Yeah. So, if let’s say something bad happens, then both of them might hit your stop loss at the same time. So, effectively you’re actually taking on more risk on the co-related instruments, you’re not actually diversifying the risk that you have in separate, generally more unrelated or co-related instruments. Okay?
So, that’s the thing about currency is that you can, a lot of times the currency pairs that you trade tends to be somehow having some significant co-relationship. You can’t avoid that because they are all interlinked with one another, right?
It’s like you are saying, I trade, let’s say, a bank stock in US versus I trade a mining stock in Australia. Then they are going to be very not co-related, all right, Because they are different geographical country, different industry, different business model. So, how this move is not going to affect this and how this move is not going to affect that.

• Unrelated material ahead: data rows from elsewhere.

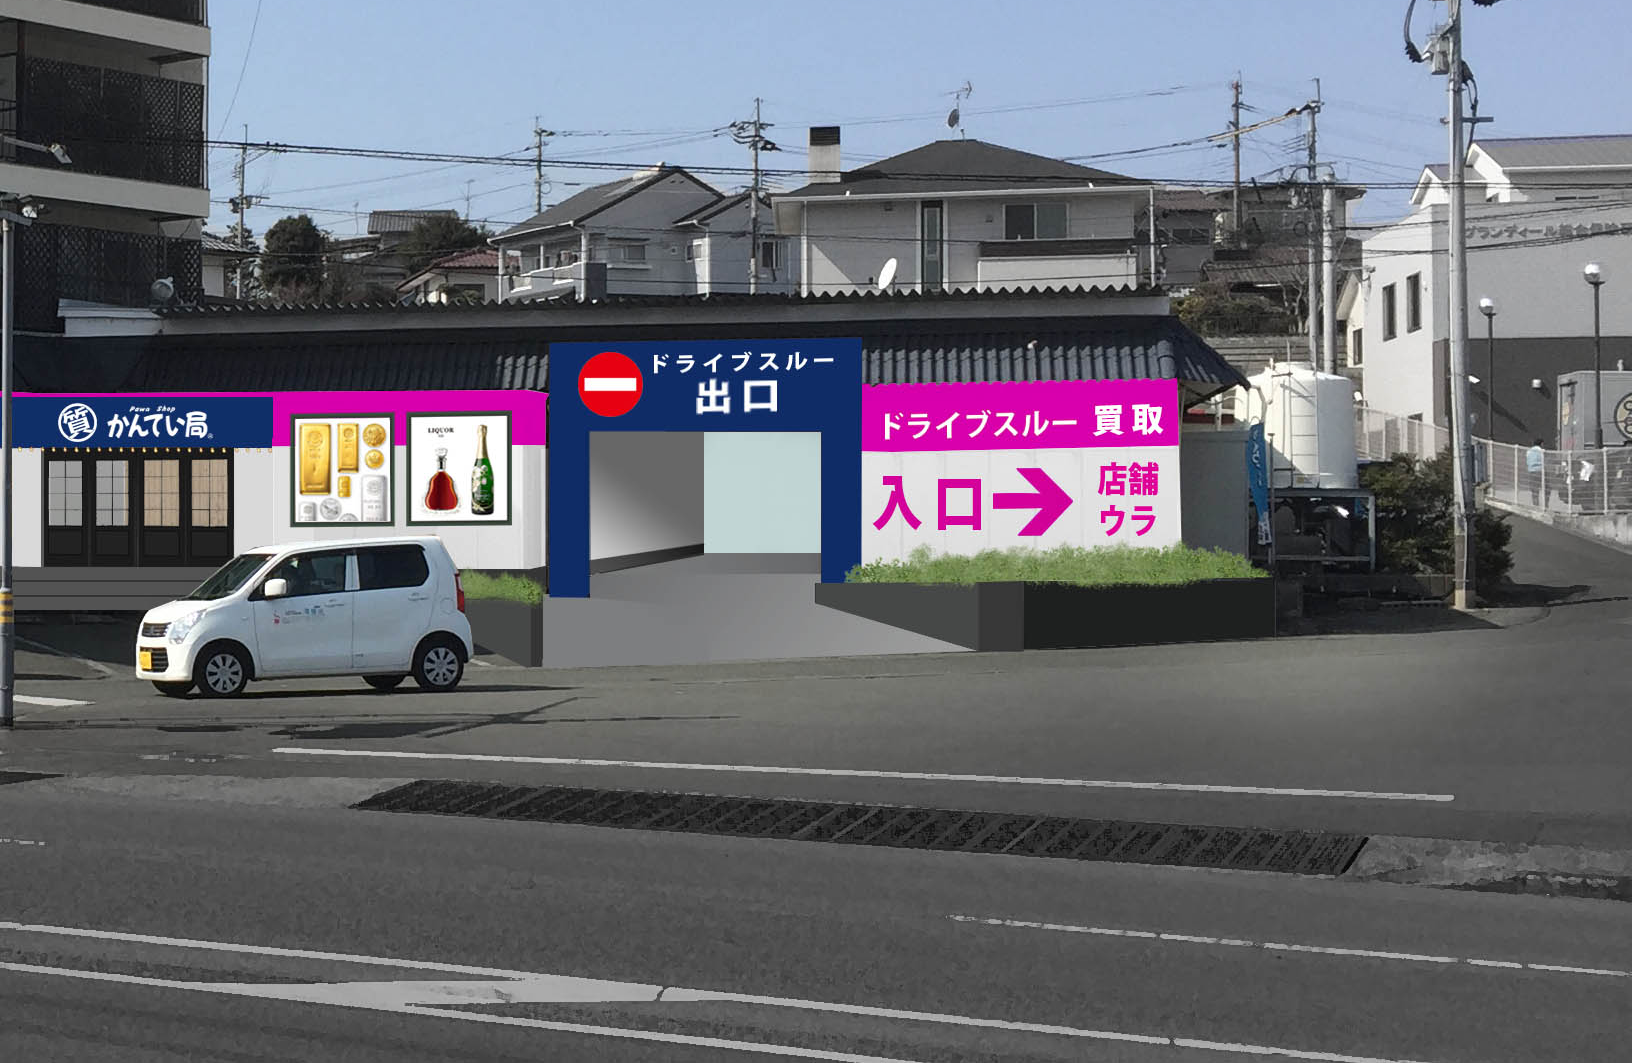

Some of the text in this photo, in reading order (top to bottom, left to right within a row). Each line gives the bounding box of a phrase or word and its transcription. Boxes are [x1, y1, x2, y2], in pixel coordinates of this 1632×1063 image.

[652, 351, 835, 374] ドライブスルー
[156, 405, 176, 413] Shop
[695, 378, 779, 415] 出口
[61, 406, 94, 440] 質
[106, 410, 209, 439] かんてい局
[882, 403, 1164, 440] ドライブスルー 買取
[1097, 461, 1160, 497] 店舗
[872, 475, 982, 531] 入口
[1100, 504, 1157, 537] ウラ

So, you will not encounter losing streak so frequently in that manner. So, that is the thing I like about stocks trading, is that it’s much more easier to diversify and reduce the co-relationship between the trades that I take versus trading currency.
If you look at all the major trading currencies, they are all majorly packed to USD, right. So, if something drastically happened to the United States, that is going to affect the currency in the same similar direction or opposite direction. So, it’s very highly correlated, very difficult to diversify.